The scene was written by Sophocles 2,500 years ago. Yet, it is timely enough to move a doctor - attending this event at a recent medical ethics seminar - to stand up and admit it’s provoked within him a serious reconsideration of euthanasia.
“This is what the character’s gut-wrenching screams are all about,” the doctor says. “And the request is no different today. Yes, we may be better equipped today to mitigate the pain with drugs. But it doesn’t eliminate patients asking us: ‘Can’t you make this end?’
“And just like the characters in the play,” the doctor sighs, “we must decide, how do we respond to these final requests?”
Beyond the hysteria of last summer’s health-care forums and the demagoguery that fueled chatter about death panels, “End of Life” is a compelling, thoughful exploration of an issue we are all loathe to confront . . . but unable to avoid.
Bryan Doerries, a New York-based director, has combined his love of Greek literature with his passion for the theater to create a project that he hopes will “inspire a cultural shift within the medical system and society to reconsider how to deal with issues of chronic suffering and mortality.”
Doerries, who lost a loved one to a grueling struggle with cystic fibrosis, conceived “End of Life” with no agenda beyond “having the medical establishment come to devote an equal amount of resources to those exiting this world as they do to those entering it.”

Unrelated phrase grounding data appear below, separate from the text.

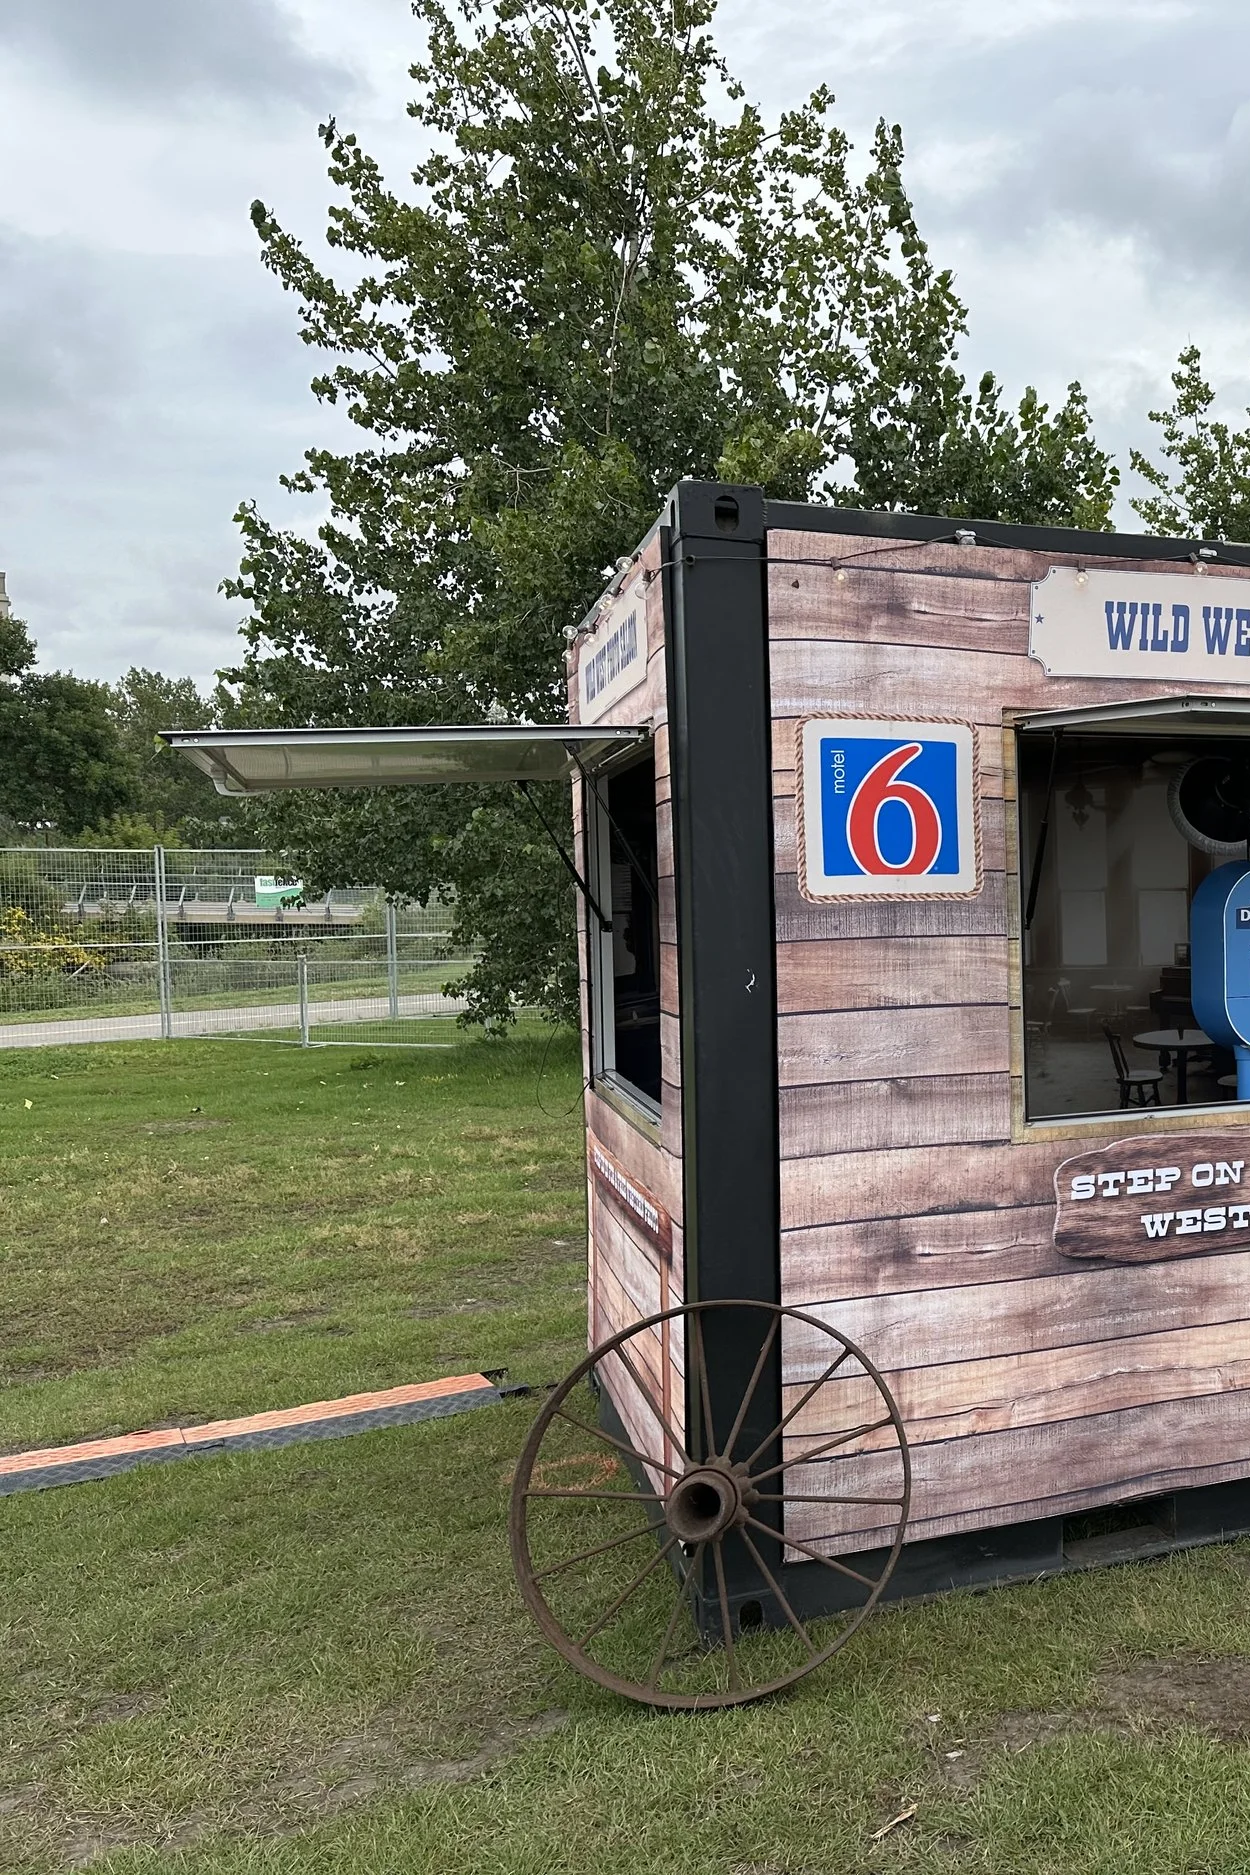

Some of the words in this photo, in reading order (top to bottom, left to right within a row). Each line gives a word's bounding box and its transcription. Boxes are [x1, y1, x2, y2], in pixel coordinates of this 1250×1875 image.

[1104, 600, 1190, 653] WILD
[830, 749, 846, 794] motel
[846, 742, 943, 876] 6
[1071, 1166, 1181, 1200] STEP
[1191, 1160, 1245, 1188] ON

“End of Life” grew out of Doerries’ acclaimed “Theater of War” production. Using the same template of ancient Greek plays to stimulate discussion about everything from post-tramatic stress to suicide and combat tactics, “Theater of War” has criss-crossed the country’s military bases on a $3 million Department of Defense grant.

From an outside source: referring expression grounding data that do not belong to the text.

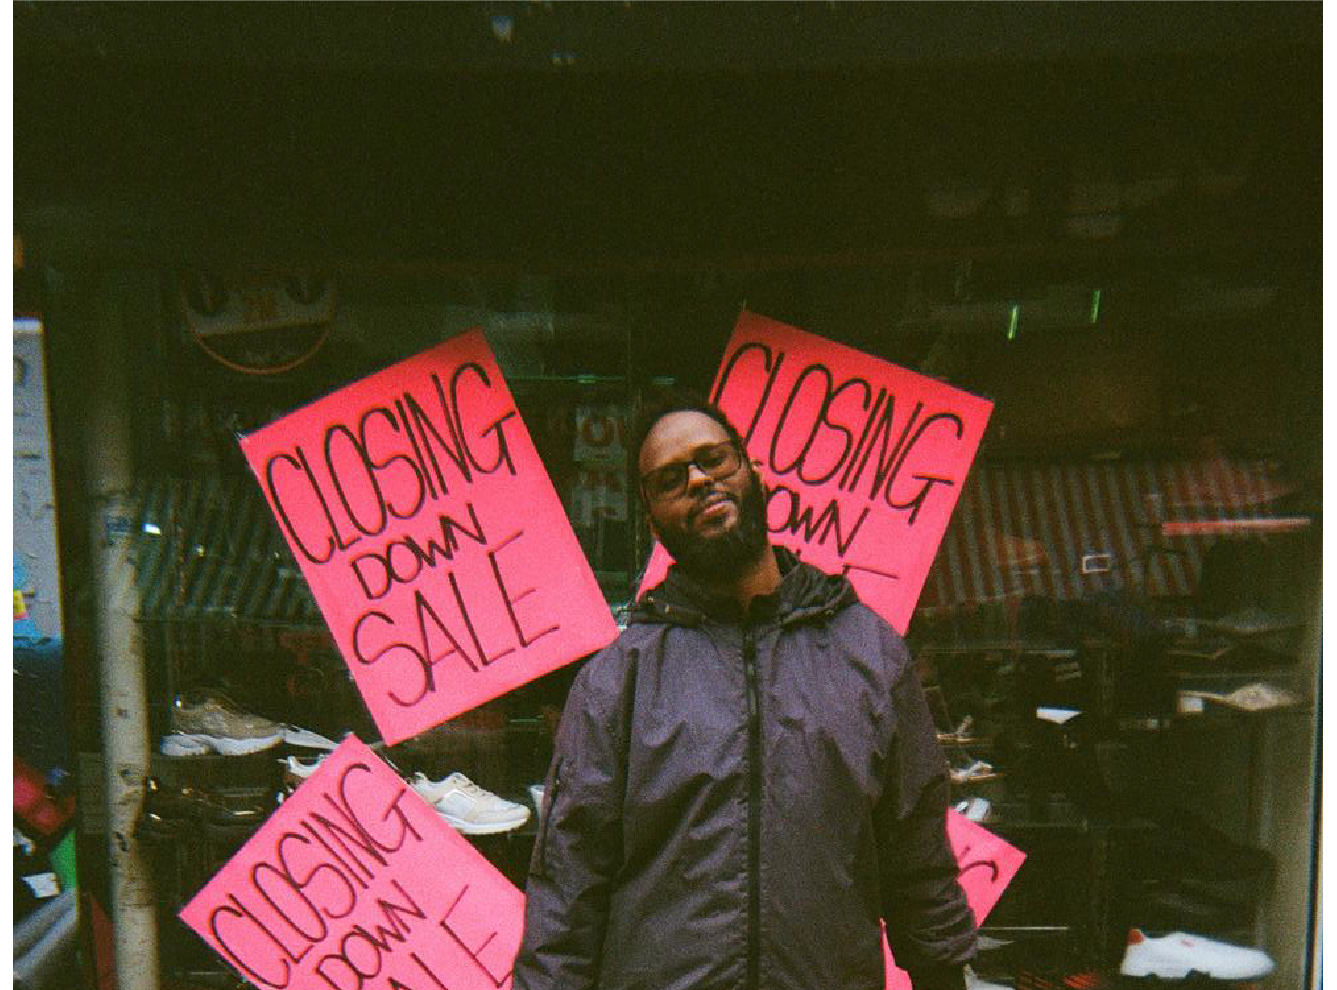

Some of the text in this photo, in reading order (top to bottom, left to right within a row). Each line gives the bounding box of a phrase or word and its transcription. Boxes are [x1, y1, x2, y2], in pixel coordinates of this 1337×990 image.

[265, 362, 517, 565] CLOSING
[713, 342, 963, 527] CLOSING
[765, 486, 869, 557] OWN
[350, 502, 487, 600] DOWN
[353, 531, 561, 707] SALE
[210, 763, 423, 990] CLOSING

The military brass already has discovered what the medical establishment is about to realize: The process of watching top-flight actors such as Jay Sanders, David Strathairn, Charles Dutton, Jeffrey Wright and S. Epatha Merkerson breathe life into timeless themes is both riveting and cathartic.
Two weeks ago at Harvard, a young man in the last row of the amphitheater spoke hauntingly of the eight months spent at the bedside of his first child, a son born severely premature. The man said all his prayers, but all the genius of doctors at Children’s Hospital were not enough to save his baby, or to help him let go.
After performing two scenes as Philoctetes and Heracles, the actor Charles Dutton felt moved to confess his own regret about over-ruling the last wish of his brother, succumbing to AIDS triggered by years of heroin abuse, to die in his childhood bed.
“I was angry at him and thought I was protecting my mother,” Dutton said, “but I ended up having my brother leave this world cursing me.”
“If you want a truly empathetic discussion of issues like war or how we face death,” Bryan Doerries said, “start with a piece of drama. The intensity of a live perfomance brings an honesty to the conversation that is heartfelt.
“Besides, we owe it to those who are suffering not to politicize their pain.”